### DATA FOR THIS EXERCISE
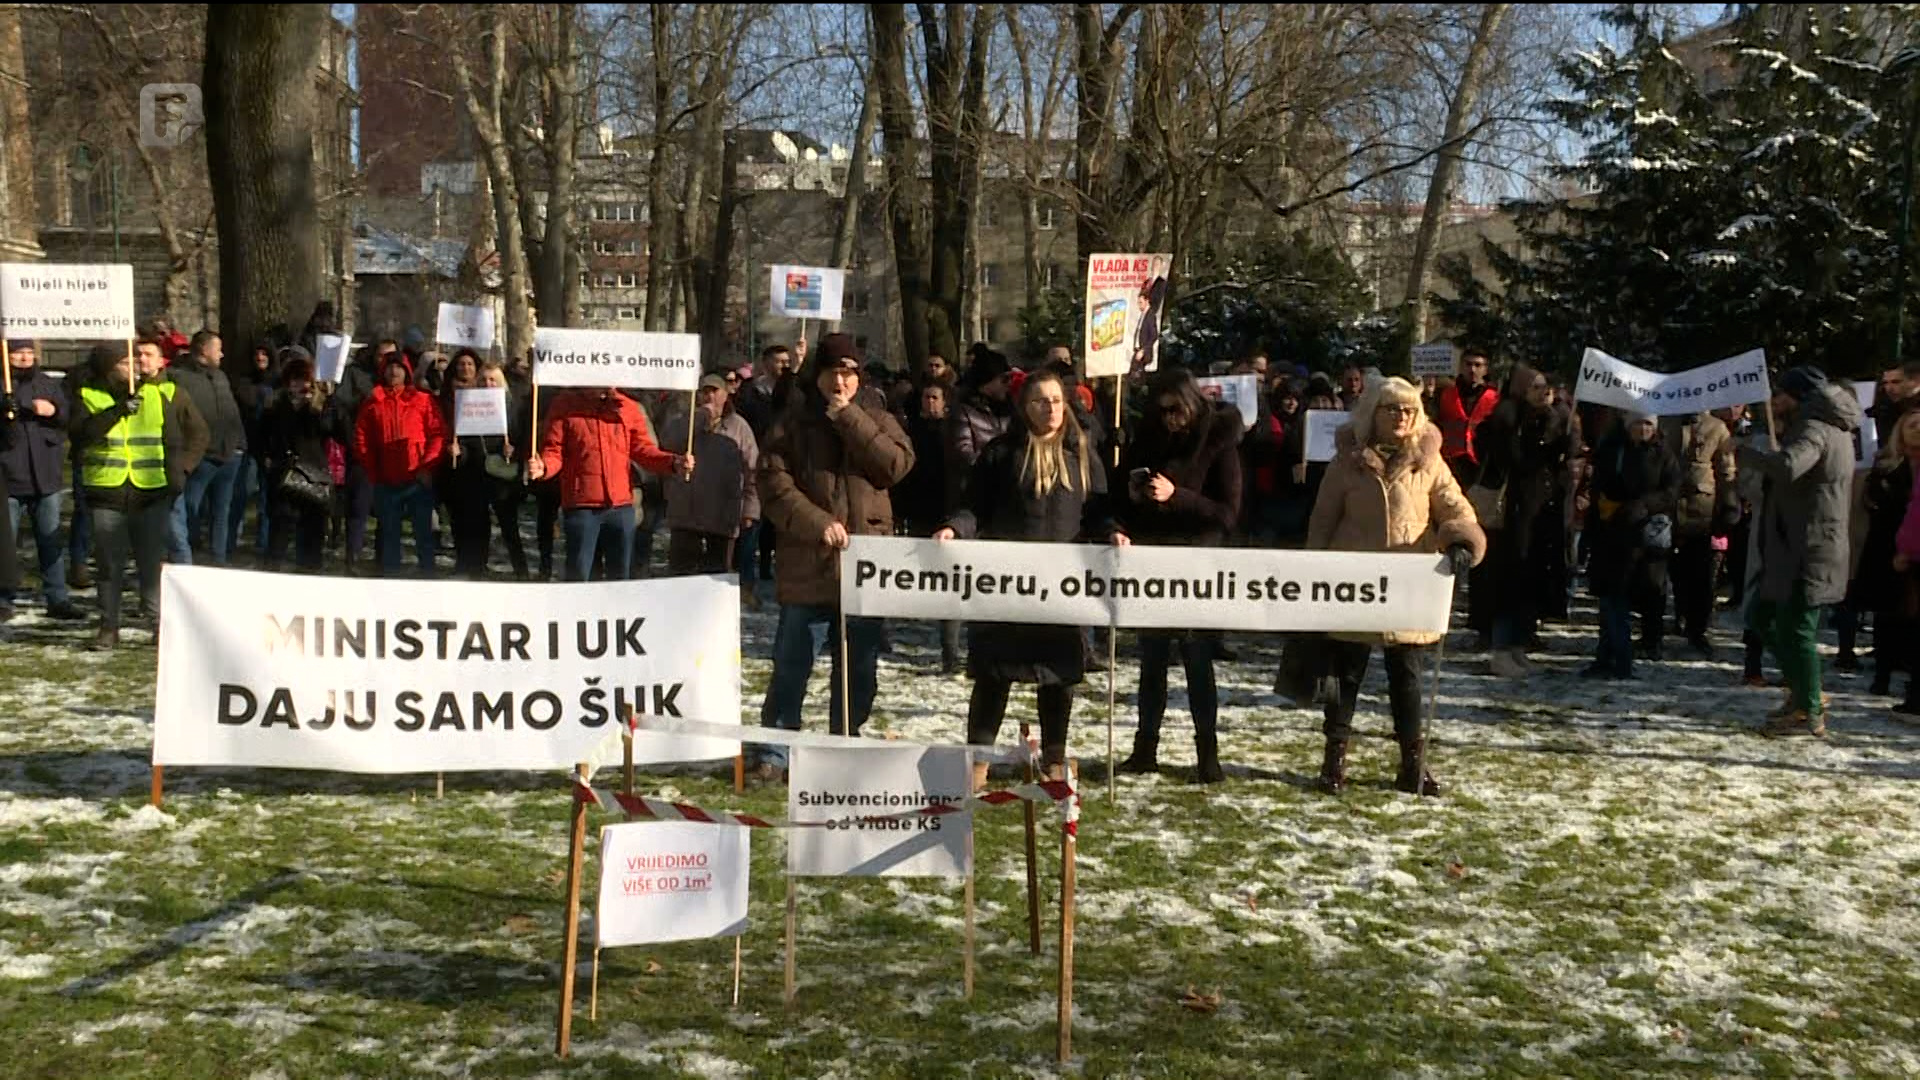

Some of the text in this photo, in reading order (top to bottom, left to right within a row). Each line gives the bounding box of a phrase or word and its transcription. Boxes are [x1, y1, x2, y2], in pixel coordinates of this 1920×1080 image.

[1092, 259, 1149, 273] VLADA KS
[20, 278, 108, 293] Bijeli hljeb
[42, 315, 130, 331] subvencija
[536, 350, 586, 365] Vlada
[590, 352, 611, 367] KS
[627, 355, 696, 369] obmana
[1583, 366, 1661, 401] Vrijedimo
[1665, 386, 1703, 401] više
[1706, 375, 1730, 393] od
[855, 559, 1389, 603] Premijeru, obmanuli ste nas!
[265, 614, 647, 661] MINISTAR I UK
[217, 676, 685, 732] DAJU SAMO ŠUK
[825, 816, 850, 831] od
[918, 816, 942, 832] KS
[626, 852, 708, 871] VRIJEDIMO
[622, 873, 653, 893] VIŠE
[657, 875, 680, 891] OD

### INSTRUCTIONS FOR THE TASK
From the first line to the last, reproduce the records above exactly and skip the pictures.

### ANSWER
Some of the text in this photo, in reading order (top to bottom, left to right within a row). Each line gives the bounding box of a phrase or word and its transcription. Boxes are [x1, y1, x2, y2], in pixel coordinates of this 1920×1080 image.

[1092, 259, 1149, 273] VLADA KS
[20, 278, 108, 293] Bijeli hljeb
[42, 315, 130, 331] subvencija
[536, 350, 586, 365] Vlada
[590, 352, 611, 367] KS
[627, 355, 696, 369] obmana
[1583, 366, 1661, 401] Vrijedimo
[1665, 386, 1703, 401] više
[1706, 375, 1730, 393] od
[855, 559, 1389, 603] Premijeru, obmanuli ste nas!
[265, 614, 647, 661] MINISTAR I UK
[217, 676, 685, 732] DAJU SAMO ŠUK
[825, 816, 850, 831] od
[918, 816, 942, 832] KS
[626, 852, 708, 871] VRIJEDIMO
[622, 873, 653, 893] VIŠE
[657, 875, 680, 891] OD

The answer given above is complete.